_Instructions for the task_. Your reply should be an exact copy of every entry, with the pictures removed.

_Material for this task_.
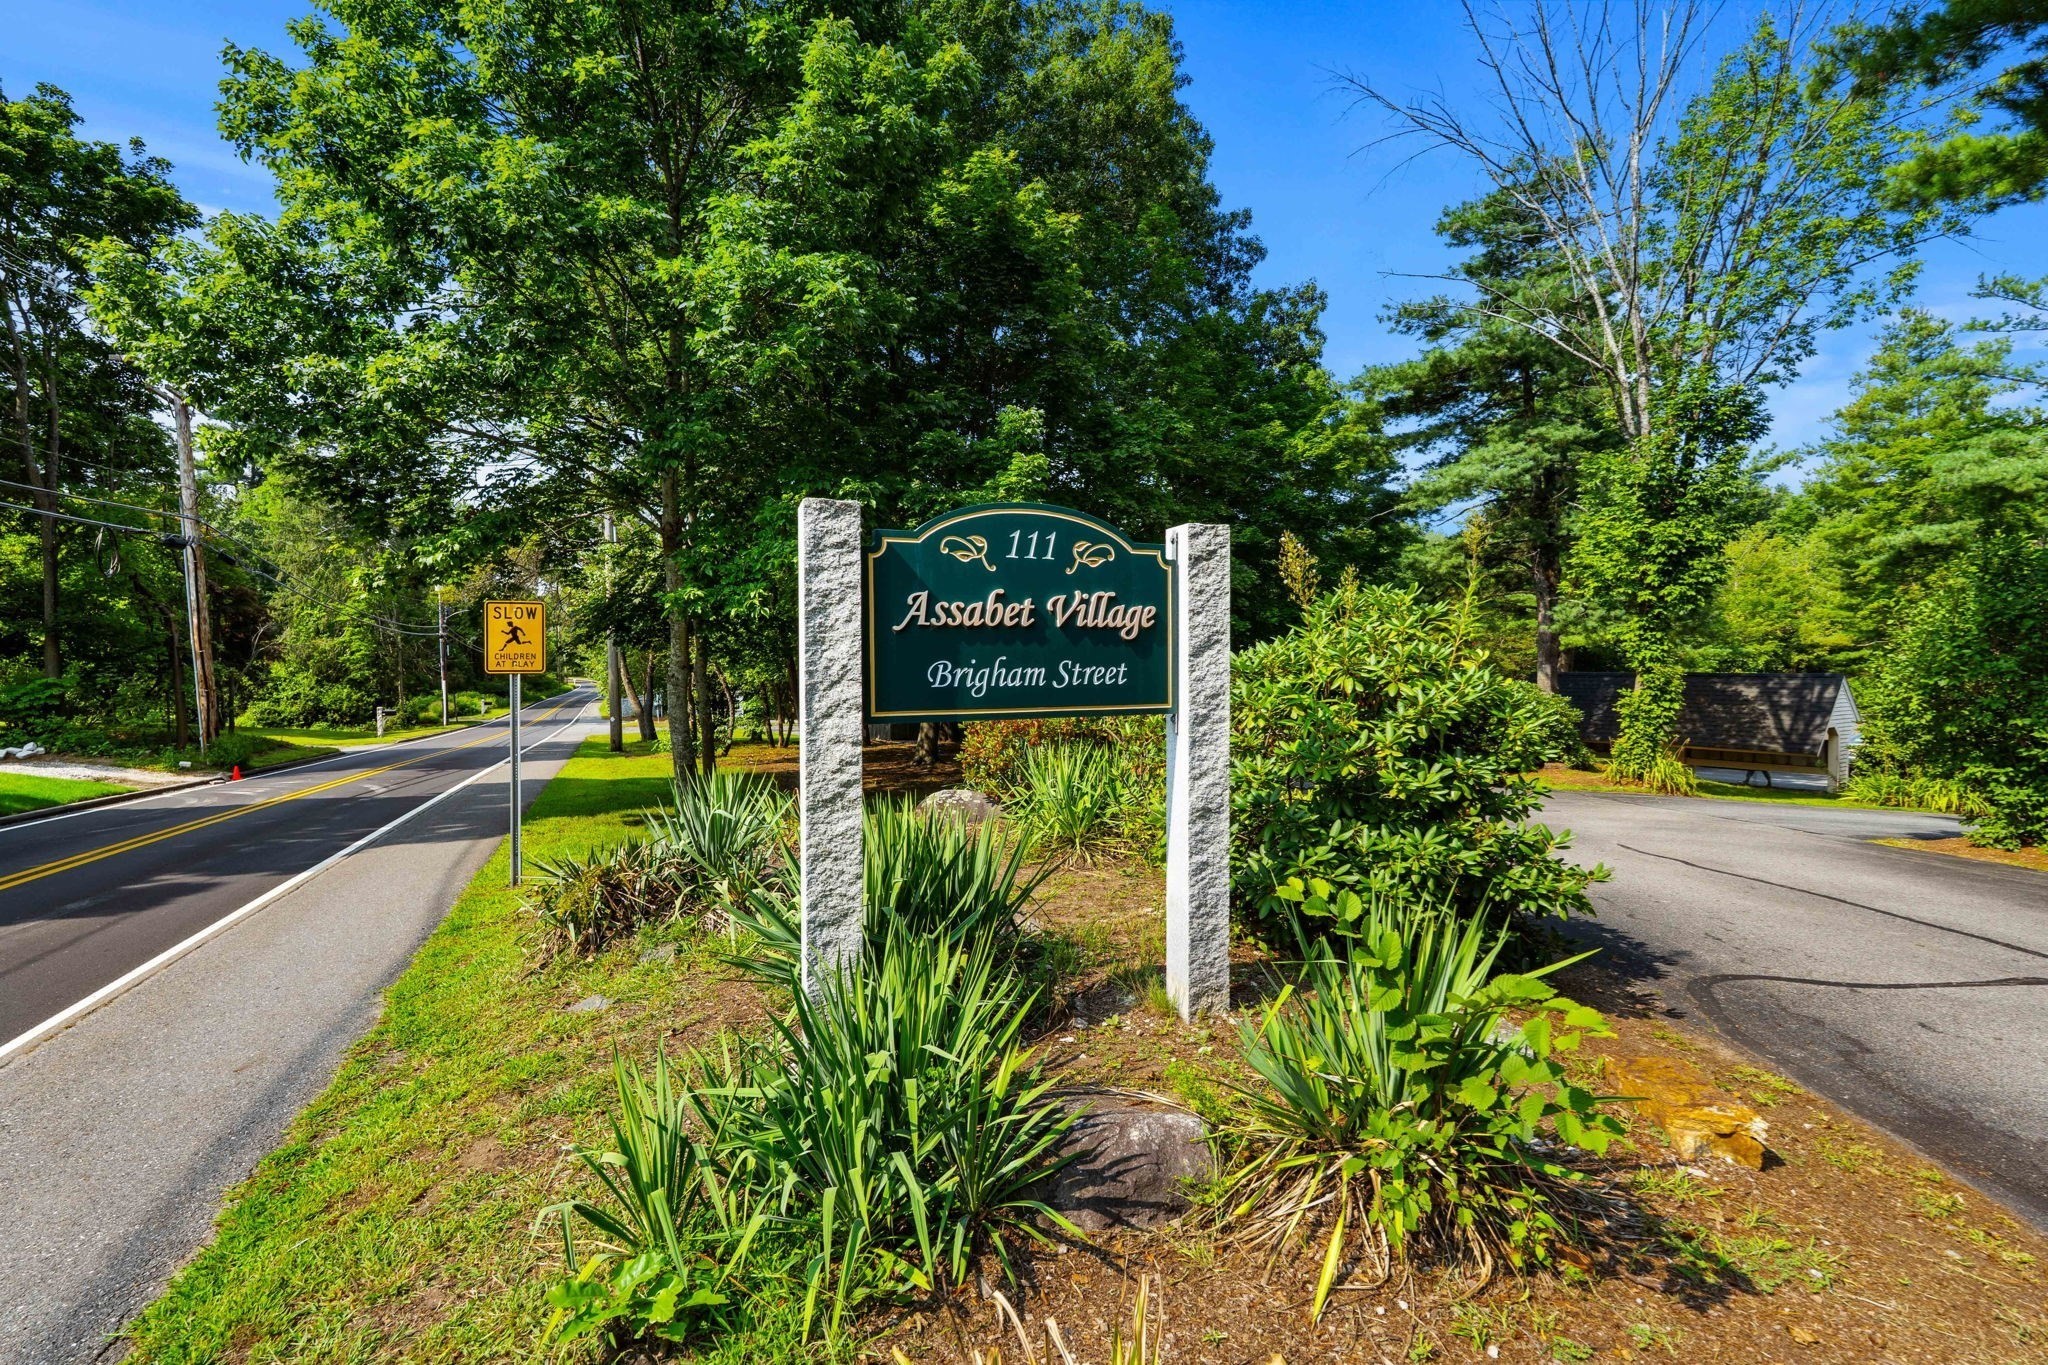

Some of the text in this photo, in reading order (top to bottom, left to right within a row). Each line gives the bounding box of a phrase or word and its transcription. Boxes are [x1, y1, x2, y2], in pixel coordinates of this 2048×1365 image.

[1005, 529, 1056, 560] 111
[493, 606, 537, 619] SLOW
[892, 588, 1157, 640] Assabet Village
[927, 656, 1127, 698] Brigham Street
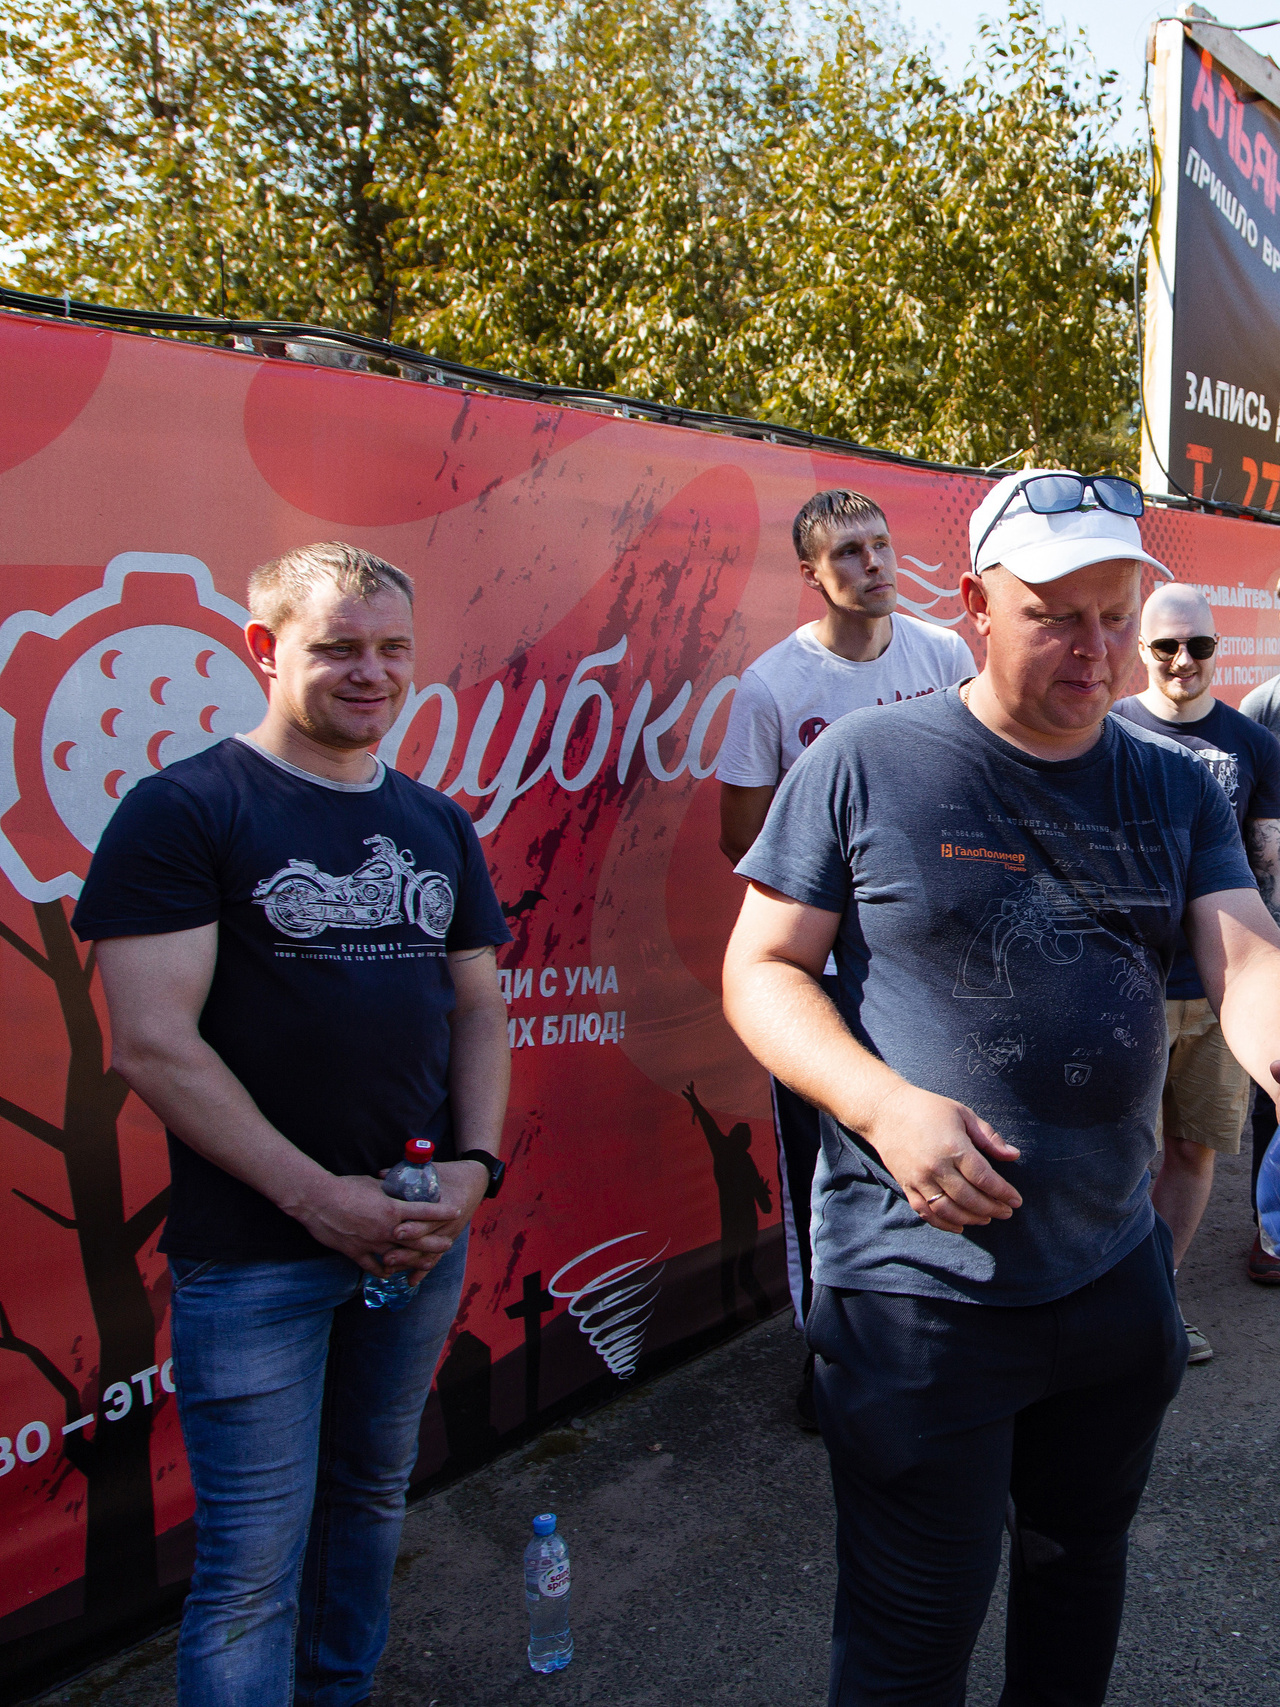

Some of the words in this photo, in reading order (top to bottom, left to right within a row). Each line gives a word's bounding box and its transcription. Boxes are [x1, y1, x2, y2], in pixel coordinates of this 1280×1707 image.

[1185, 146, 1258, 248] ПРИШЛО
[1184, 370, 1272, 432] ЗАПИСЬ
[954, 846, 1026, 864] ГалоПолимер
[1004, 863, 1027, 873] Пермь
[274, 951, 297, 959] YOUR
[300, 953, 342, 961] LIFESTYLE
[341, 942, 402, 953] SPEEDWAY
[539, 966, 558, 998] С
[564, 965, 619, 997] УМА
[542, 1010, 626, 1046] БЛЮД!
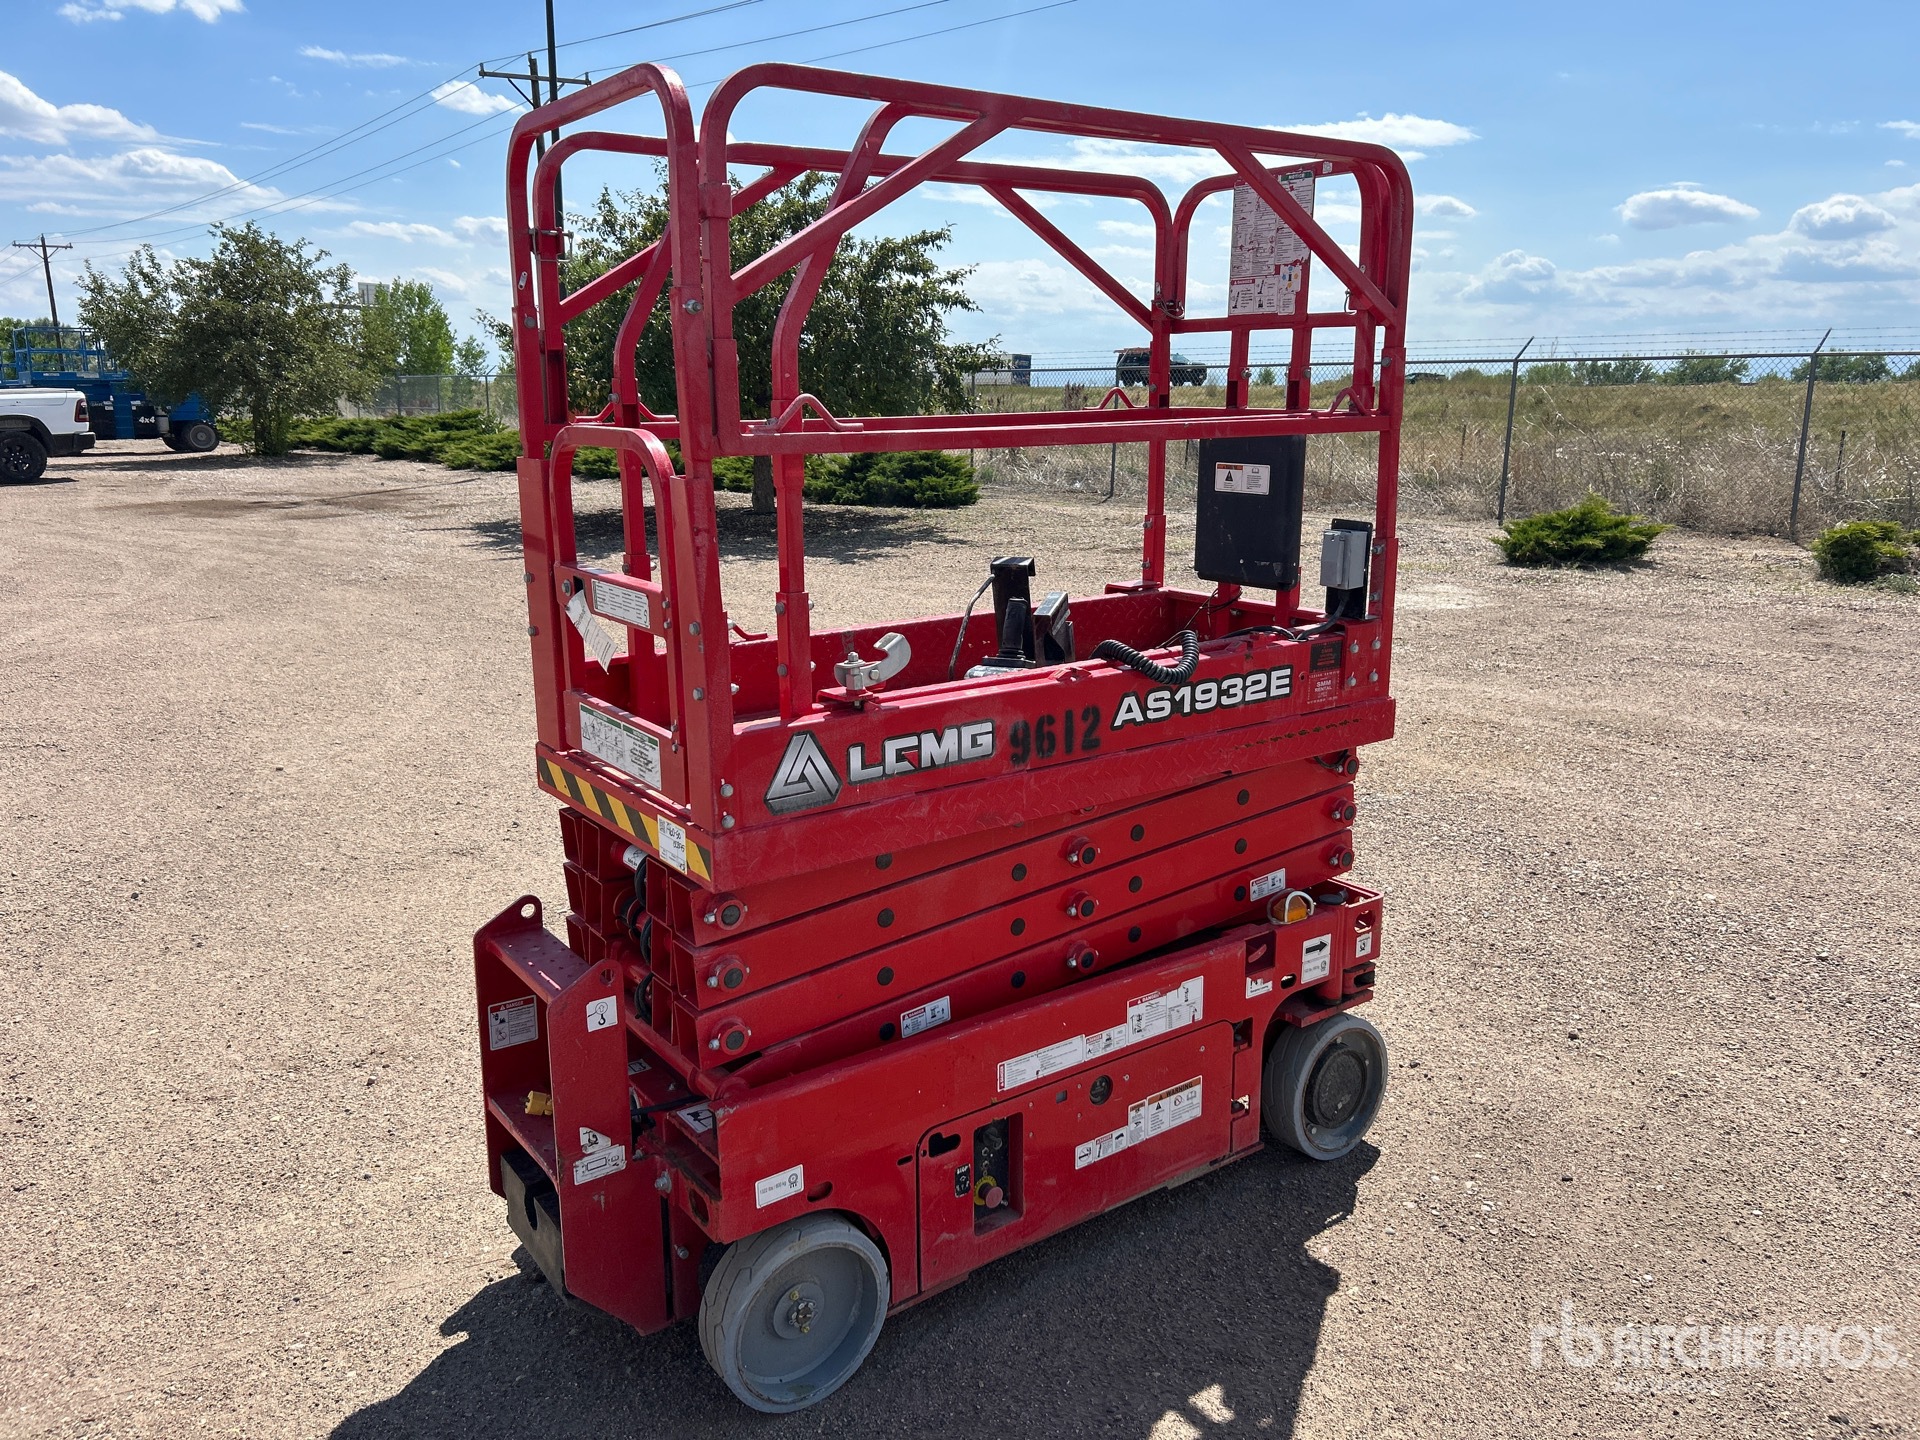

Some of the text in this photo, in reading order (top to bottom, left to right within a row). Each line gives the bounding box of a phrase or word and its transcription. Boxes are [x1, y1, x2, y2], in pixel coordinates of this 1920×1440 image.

_Exercise answer_.
Some of the text in this photo, in reading order (top to bottom, left to right within a row). Each line gives the bounding box of a phrase or word and its transcription. Boxes are [x1, y1, x2, y2], in pixel coordinates of this 2048×1365 image.

[1005, 529, 1056, 560] 111
[493, 606, 537, 619] SLOW
[892, 588, 1157, 640] Assabet Village
[927, 656, 1127, 698] Brigham Street

Some of the words in this photo, in reading order (top to bottom, left to right within a row). Each line gives a word's bounding box and its transcription. Boxes are [x1, y1, x2, y2], in pixel coordinates of this 1280×1707 image.

[1185, 146, 1258, 248] ПРИШЛО
[1184, 370, 1272, 432] ЗАПИСЬ
[954, 846, 1026, 864] ГалоПолимер
[1004, 863, 1027, 873] Пермь
[274, 951, 297, 959] YOUR
[300, 953, 342, 961] LIFESTYLE
[341, 942, 402, 953] SPEEDWAY
[539, 966, 558, 998] С
[564, 965, 619, 997] УМА
[542, 1010, 626, 1046] БЛЮД!

Some of the text in this photo, in reading order (top to bottom, left to right within a row). Each line gives the bounding box of a phrase or word and its transcription. Boxes are [x1, y1, x2, y2], in pixel coordinates of this 1920×1440 image.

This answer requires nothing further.